Sharks, Lies, and Videotape: A content analysis of 32 years of Shark Week documentaries

Lisa B. Whitenack, Brady L. Mickley, Julia Saltzman, Stephen M. Kajiura, Catherine C. Macdonald, David S. Shiffman


Despite evidence of their importance to marine ecosystems, at least 25% of all chondrichthyan species are estimated or assessed as threatened with extinction. In addition to the logistical difficulties of effectively conserving wide-ranging marine species, shark conservation is believed to have been hindered in the past by public perceptions of sharks as dangerous to humans. Shark Week is a high-profile, international programming event that has potentially enormous influence on public perceptions of sharks, shark research, shark researchers, and shark conservation.
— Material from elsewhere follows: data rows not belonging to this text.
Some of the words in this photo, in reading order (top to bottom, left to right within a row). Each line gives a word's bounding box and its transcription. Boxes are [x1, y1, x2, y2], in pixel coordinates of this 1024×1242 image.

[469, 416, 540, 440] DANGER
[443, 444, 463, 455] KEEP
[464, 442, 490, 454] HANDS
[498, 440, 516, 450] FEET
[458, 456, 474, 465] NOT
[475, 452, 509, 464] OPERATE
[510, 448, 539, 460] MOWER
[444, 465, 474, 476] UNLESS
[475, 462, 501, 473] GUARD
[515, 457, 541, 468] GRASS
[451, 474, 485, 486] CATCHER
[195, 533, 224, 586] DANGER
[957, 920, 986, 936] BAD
However, Shark Week has received regular criticism for poor factual accuracy, fearmongering, bias, and inaccurate representations of science and scientists. This research analyzes the content and titles of Shark Week episodes across its entire 32 years of programming to determine if there are trends in species covered, research techniques featured, expert identity, conservation messaging, type of programming, and portrayal of sharks. We analyzed titles from 272 episodes (100%) of Shark Week programming and the content of all available (201; 73.9%) episodes. Our data demonstrate that the majority of episodes are not focused on shark bites, although such shows are common and many Shark Week programs frame sharks around fear, risk, and adrenaline. While anecdotal descriptions of disproportionate attention to particular charismatic species (e.g. great whites, bull sharks, and tiger sharks) are accurate and supported by data, 79 shark species have been featured briefly at least once. Shark Week’s depictions of research and of scientists are biased towards a small set of (typically visual and expensive) research methodologies and (mostly white, mostly male) scientists, including presentation of many white male non-scientists as experts. While sharks are more often portrayed negatively than positively, limited conservation messaging does appear in 53% of episodes analyzed. Results suggest that as a whole, while Shark Week is likely contributing to the collective perception of sharks as monsters, even relatively small alterations to programming decisions could substantially improve the presentation of sharks and shark science and conservation issues.